### ABOUT THIS TASK
Output all of the records exactly, word for word.

Dataset entries:
========

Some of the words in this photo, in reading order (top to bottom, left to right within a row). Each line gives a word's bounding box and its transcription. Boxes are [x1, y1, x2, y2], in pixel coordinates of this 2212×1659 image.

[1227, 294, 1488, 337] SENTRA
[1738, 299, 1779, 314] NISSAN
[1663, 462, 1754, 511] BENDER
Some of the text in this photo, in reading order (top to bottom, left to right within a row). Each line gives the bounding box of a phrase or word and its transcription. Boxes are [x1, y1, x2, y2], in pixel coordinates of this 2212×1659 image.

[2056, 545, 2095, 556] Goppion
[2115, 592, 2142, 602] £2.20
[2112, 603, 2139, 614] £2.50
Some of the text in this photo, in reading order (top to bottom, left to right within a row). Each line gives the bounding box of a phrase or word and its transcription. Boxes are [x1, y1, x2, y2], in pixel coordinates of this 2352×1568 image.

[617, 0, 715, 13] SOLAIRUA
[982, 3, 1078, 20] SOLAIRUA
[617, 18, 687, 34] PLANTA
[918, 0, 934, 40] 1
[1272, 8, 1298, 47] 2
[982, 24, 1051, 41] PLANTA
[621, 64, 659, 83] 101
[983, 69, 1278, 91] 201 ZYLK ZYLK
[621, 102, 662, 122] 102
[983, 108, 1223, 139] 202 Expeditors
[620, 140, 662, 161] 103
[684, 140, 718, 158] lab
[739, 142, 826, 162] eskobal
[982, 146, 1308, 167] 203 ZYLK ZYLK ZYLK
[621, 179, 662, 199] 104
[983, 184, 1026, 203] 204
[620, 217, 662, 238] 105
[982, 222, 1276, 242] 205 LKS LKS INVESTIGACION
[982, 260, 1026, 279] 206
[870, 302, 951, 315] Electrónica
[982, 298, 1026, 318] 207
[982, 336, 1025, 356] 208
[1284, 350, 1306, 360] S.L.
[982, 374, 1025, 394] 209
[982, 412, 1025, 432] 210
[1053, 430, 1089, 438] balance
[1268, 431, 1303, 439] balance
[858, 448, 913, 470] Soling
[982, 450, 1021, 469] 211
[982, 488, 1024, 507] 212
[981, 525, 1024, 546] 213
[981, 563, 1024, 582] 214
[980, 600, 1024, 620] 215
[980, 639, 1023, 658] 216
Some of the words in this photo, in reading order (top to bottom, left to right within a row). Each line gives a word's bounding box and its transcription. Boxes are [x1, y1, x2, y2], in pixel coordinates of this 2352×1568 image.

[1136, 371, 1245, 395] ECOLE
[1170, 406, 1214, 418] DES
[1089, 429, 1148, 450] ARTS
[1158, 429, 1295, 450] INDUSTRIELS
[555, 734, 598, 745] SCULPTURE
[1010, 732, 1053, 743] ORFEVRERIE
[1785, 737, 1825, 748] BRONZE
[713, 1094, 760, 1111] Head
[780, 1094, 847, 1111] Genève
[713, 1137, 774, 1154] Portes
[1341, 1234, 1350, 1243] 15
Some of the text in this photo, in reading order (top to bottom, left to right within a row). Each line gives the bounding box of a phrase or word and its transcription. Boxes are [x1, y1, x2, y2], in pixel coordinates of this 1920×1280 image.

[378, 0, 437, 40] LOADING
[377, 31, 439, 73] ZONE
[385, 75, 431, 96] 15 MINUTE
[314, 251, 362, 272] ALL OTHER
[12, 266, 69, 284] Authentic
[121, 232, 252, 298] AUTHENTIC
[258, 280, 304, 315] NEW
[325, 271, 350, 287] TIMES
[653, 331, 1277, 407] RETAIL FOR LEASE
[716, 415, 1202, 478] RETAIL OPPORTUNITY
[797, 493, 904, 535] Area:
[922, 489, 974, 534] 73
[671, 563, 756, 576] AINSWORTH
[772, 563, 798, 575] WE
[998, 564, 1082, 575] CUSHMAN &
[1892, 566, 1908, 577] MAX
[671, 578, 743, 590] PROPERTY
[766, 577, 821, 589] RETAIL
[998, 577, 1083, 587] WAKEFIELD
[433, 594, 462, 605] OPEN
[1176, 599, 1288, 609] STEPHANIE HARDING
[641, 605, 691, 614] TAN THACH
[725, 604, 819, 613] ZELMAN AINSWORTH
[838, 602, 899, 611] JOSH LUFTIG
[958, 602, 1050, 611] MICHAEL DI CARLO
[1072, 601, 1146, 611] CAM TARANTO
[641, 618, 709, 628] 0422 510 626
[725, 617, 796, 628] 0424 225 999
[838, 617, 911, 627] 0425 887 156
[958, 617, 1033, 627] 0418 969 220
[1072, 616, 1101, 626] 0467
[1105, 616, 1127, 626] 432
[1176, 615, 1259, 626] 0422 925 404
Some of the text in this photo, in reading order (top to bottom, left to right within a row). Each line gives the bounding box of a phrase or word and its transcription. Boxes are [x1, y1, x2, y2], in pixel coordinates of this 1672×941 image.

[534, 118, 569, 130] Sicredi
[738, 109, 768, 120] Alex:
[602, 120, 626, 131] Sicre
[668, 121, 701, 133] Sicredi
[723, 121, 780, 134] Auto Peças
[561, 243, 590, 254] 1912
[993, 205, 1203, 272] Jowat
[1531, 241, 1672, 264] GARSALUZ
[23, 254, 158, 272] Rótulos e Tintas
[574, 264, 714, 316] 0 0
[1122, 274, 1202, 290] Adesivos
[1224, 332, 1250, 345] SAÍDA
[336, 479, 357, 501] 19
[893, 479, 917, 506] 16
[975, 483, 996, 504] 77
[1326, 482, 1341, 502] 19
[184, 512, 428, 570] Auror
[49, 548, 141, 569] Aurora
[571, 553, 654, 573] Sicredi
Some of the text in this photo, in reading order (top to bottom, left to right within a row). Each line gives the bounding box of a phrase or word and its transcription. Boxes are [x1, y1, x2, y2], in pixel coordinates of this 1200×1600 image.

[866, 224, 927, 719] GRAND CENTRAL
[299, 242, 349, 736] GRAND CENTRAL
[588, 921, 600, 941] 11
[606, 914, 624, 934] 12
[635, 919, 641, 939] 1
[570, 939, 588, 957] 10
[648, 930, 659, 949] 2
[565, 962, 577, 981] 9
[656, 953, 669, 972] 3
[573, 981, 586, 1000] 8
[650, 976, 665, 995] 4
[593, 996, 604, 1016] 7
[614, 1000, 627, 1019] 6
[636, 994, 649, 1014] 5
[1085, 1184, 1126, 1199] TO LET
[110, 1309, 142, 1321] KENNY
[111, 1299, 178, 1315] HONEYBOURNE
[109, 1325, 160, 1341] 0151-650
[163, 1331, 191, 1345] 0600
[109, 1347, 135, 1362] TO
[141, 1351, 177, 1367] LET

========

### WRITTEN SOLUTION
Some of the words in this photo, in reading order (top to bottom, left to right within a row). Each line gives a word's bounding box and its transcription. Boxes are [x1, y1, x2, y2], in pixel coordinates of this 2212×1659 image.

[1227, 294, 1488, 337] SENTRA
[1738, 299, 1779, 314] NISSAN
[1663, 462, 1754, 511] BENDER
Some of the text in this photo, in reading order (top to bottom, left to right within a row). Each line gives the bounding box of a phrase or word and its transcription. Boxes are [x1, y1, x2, y2], in pixel coordinates of this 2212×1659 image.

[2056, 545, 2095, 556] Goppion
[2115, 592, 2142, 602] £2.20
[2112, 603, 2139, 614] £2.50
Some of the text in this photo, in reading order (top to bottom, left to right within a row). Each line gives the bounding box of a phrase or word and its transcription. Boxes are [x1, y1, x2, y2], in pixel coordinates of this 2352×1568 image.

[617, 0, 715, 13] SOLAIRUA
[982, 3, 1078, 20] SOLAIRUA
[617, 18, 687, 34] PLANTA
[918, 0, 934, 40] 1
[1272, 8, 1298, 47] 2
[982, 24, 1051, 41] PLANTA
[621, 64, 659, 83] 101
[983, 69, 1278, 91] 201 ZYLK ZYLK
[621, 102, 662, 122] 102
[983, 108, 1223, 139] 202 Expeditors
[620, 140, 662, 161] 103
[684, 140, 718, 158] lab
[739, 142, 826, 162] eskobal
[982, 146, 1308, 167] 203 ZYLK ZYLK ZYLK
[621, 179, 662, 199] 104
[983, 184, 1026, 203] 204
[620, 217, 662, 238] 105
[982, 222, 1276, 242] 205 LKS LKS INVESTIGACION
[982, 260, 1026, 279] 206
[870, 302, 951, 315] Electrónica
[982, 298, 1026, 318] 207
[982, 336, 1025, 356] 208
[1284, 350, 1306, 360] S.L.
[982, 374, 1025, 394] 209
[982, 412, 1025, 432] 210
[1053, 430, 1089, 438] balance
[1268, 431, 1303, 439] balance
[858, 448, 913, 470] Soling
[982, 450, 1021, 469] 211
[982, 488, 1024, 507] 212
[981, 525, 1024, 546] 213
[981, 563, 1024, 582] 214
[980, 600, 1024, 620] 215
[980, 639, 1023, 658] 216
Some of the words in this photo, in reading order (top to bottom, left to right within a row). Each line gives a word's bounding box and its transcription. Boxes are [x1, y1, x2, y2], in pixel coordinates of this 2352×1568 image.

[1136, 371, 1245, 395] ECOLE
[1170, 406, 1214, 418] DES
[1089, 429, 1148, 450] ARTS
[1158, 429, 1295, 450] INDUSTRIELS
[555, 734, 598, 745] SCULPTURE
[1010, 732, 1053, 743] ORFEVRERIE
[1785, 737, 1825, 748] BRONZE
[713, 1094, 760, 1111] Head
[780, 1094, 847, 1111] Genève
[713, 1137, 774, 1154] Portes
[1341, 1234, 1350, 1243] 15
Some of the text in this photo, in reading order (top to bottom, left to right within a row). Each line gives the bounding box of a phrase or word and its transcription. Boxes are [x1, y1, x2, y2], in pixel coordinates of this 1920×1280 image.

[378, 0, 437, 40] LOADING
[377, 31, 439, 73] ZONE
[385, 75, 431, 96] 15 MINUTE
[314, 251, 362, 272] ALL OTHER
[12, 266, 69, 284] Authentic
[121, 232, 252, 298] AUTHENTIC
[258, 280, 304, 315] NEW
[325, 271, 350, 287] TIMES
[653, 331, 1277, 407] RETAIL FOR LEASE
[716, 415, 1202, 478] RETAIL OPPORTUNITY
[797, 493, 904, 535] Area:
[922, 489, 974, 534] 73
[671, 563, 756, 576] AINSWORTH
[772, 563, 798, 575] WE
[998, 564, 1082, 575] CUSHMAN &
[1892, 566, 1908, 577] MAX
[671, 578, 743, 590] PROPERTY
[766, 577, 821, 589] RETAIL
[998, 577, 1083, 587] WAKEFIELD
[433, 594, 462, 605] OPEN
[1176, 599, 1288, 609] STEPHANIE HARDING
[641, 605, 691, 614] TAN THACH
[725, 604, 819, 613] ZELMAN AINSWORTH
[838, 602, 899, 611] JOSH LUFTIG
[958, 602, 1050, 611] MICHAEL DI CARLO
[1072, 601, 1146, 611] CAM TARANTO
[641, 618, 709, 628] 0422 510 626
[725, 617, 796, 628] 0424 225 999
[838, 617, 911, 627] 0425 887 156
[958, 617, 1033, 627] 0418 969 220
[1072, 616, 1101, 626] 0467
[1105, 616, 1127, 626] 432
[1176, 615, 1259, 626] 0422 925 404
Some of the text in this photo, in reading order (top to bottom, left to right within a row). Each line gives the bounding box of a phrase or word and its transcription. Boxes are [x1, y1, x2, y2], in pixel coordinates of this 1672×941 image.

[534, 118, 569, 130] Sicredi
[738, 109, 768, 120] Alex:
[602, 120, 626, 131] Sicre
[668, 121, 701, 133] Sicredi
[723, 121, 780, 134] Auto Peças
[561, 243, 590, 254] 1912
[993, 205, 1203, 272] Jowat
[1531, 241, 1672, 264] GARSALUZ
[23, 254, 158, 272] Rótulos e Tintas
[574, 264, 714, 316] 0 0
[1122, 274, 1202, 290] Adesivos
[1224, 332, 1250, 345] SAÍDA
[336, 479, 357, 501] 19
[893, 479, 917, 506] 16
[975, 483, 996, 504] 77
[1326, 482, 1341, 502] 19
[184, 512, 428, 570] Auror
[49, 548, 141, 569] Aurora
[571, 553, 654, 573] Sicredi
Some of the text in this photo, in reading order (top to bottom, left to right within a row). Each line gives the bounding box of a phrase or word and its transcription. Boxes are [x1, y1, x2, y2], in pixel coordinates of this 1200×1600 image.

[866, 224, 927, 719] GRAND CENTRAL
[299, 242, 349, 736] GRAND CENTRAL
[588, 921, 600, 941] 11
[606, 914, 624, 934] 12
[635, 919, 641, 939] 1
[570, 939, 588, 957] 10
[648, 930, 659, 949] 2
[565, 962, 577, 981] 9
[656, 953, 669, 972] 3
[573, 981, 586, 1000] 8
[650, 976, 665, 995] 4
[593, 996, 604, 1016] 7
[614, 1000, 627, 1019] 6
[636, 994, 649, 1014] 5
[1085, 1184, 1126, 1199] TO LET
[110, 1309, 142, 1321] KENNY
[111, 1299, 178, 1315] HONEYBOURNE
[109, 1325, 160, 1341] 0151-650
[163, 1331, 191, 1345] 0600
[109, 1347, 135, 1362] TO
[141, 1351, 177, 1367] LET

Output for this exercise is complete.